#### Referring expression grounding data
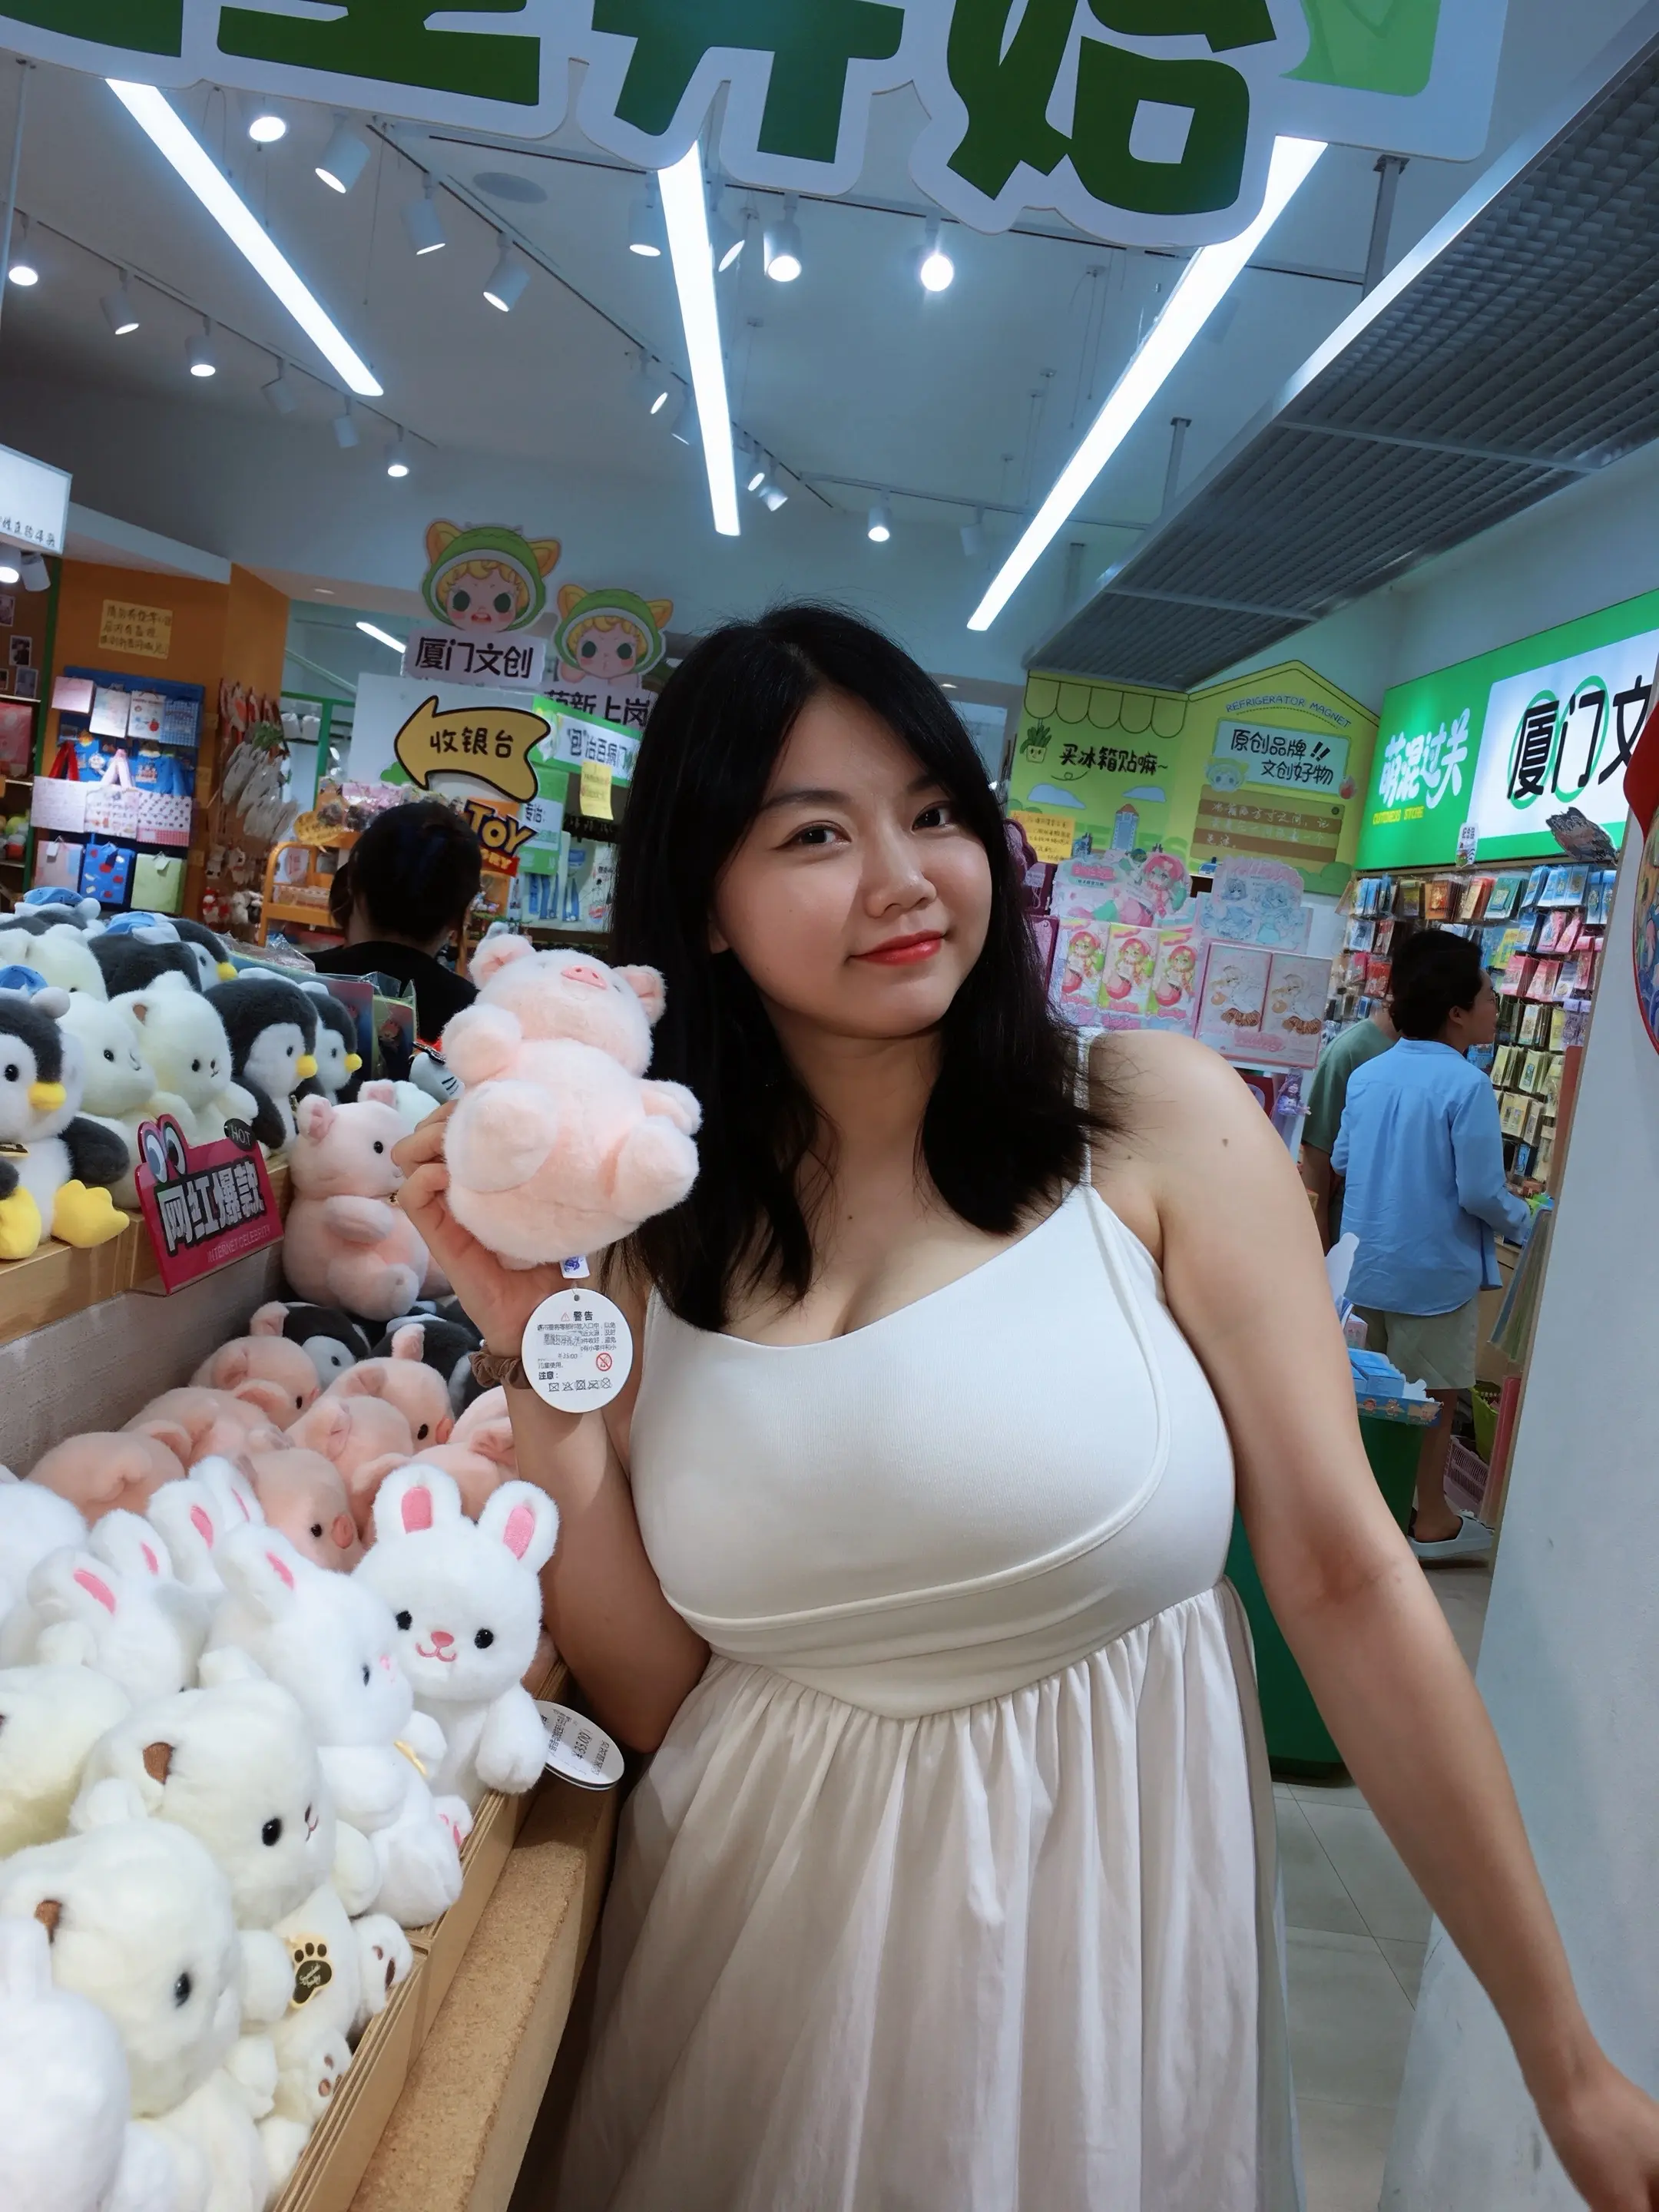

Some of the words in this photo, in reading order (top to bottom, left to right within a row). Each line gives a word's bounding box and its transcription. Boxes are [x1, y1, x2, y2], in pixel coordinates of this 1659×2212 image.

[416, 637, 533, 679] 厦门文创
[1226, 695, 1306, 713] REFRIGERATOR
[1310, 702, 1352, 728] MAGNET
[430, 727, 514, 759] 收银台
[1379, 708, 1470, 809] 萌混过关
[1261, 759, 1334, 786] 文创好物
[465, 800, 538, 857] TOY
[230, 1124, 250, 1146] HOT
[157, 1161, 265, 1252] 网红爆款
[573, 1310, 594, 1321] 警告

#### Work item
Copy out each line of the data exactly as it reads; skip the pictures.

#### Solved problem
Some of the words in this photo, in reading order (top to bottom, left to right within a row). Each line gives a word's bounding box and its transcription. Boxes are [x1, y1, x2, y2], in pixel coordinates of this 1659×2212 image.

[416, 637, 533, 679] 厦门文创
[1226, 695, 1306, 713] REFRIGERATOR
[1310, 702, 1352, 728] MAGNET
[430, 727, 514, 759] 收银台
[1379, 708, 1470, 809] 萌混过关
[1261, 759, 1334, 786] 文创好物
[465, 800, 538, 857] TOY
[230, 1124, 250, 1146] HOT
[157, 1161, 265, 1252] 网红爆款
[573, 1310, 594, 1321] 警告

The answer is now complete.